» **Your assignment**
Transcribe each record below character for character.

» **Exercise data**
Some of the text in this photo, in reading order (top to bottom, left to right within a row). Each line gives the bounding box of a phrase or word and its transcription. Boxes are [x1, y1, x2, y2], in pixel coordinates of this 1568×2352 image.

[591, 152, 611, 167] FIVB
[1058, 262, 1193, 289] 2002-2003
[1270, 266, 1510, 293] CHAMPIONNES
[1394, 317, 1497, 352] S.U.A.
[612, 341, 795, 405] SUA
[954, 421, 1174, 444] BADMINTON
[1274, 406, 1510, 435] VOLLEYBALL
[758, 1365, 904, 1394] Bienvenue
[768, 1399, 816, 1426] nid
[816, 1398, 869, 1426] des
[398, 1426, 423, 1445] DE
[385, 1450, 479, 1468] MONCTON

» **Solution for this problem**
Some of the text in this photo, in reading order (top to bottom, left to right within a row). Each line gives the bounding box of a phrase or word and its transcription. Boxes are [x1, y1, x2, y2], in pixel coordinates of this 1568×2352 image.

[591, 152, 611, 167] FIVB
[1058, 262, 1193, 289] 2002-2003
[1270, 266, 1510, 293] CHAMPIONNES
[1394, 317, 1497, 352] S.U.A.
[612, 341, 795, 405] SUA
[954, 421, 1174, 444] BADMINTON
[1274, 406, 1510, 435] VOLLEYBALL
[758, 1365, 904, 1394] Bienvenue
[768, 1399, 816, 1426] nid
[816, 1398, 869, 1426] des
[398, 1426, 423, 1445] DE
[385, 1450, 479, 1468] MONCTON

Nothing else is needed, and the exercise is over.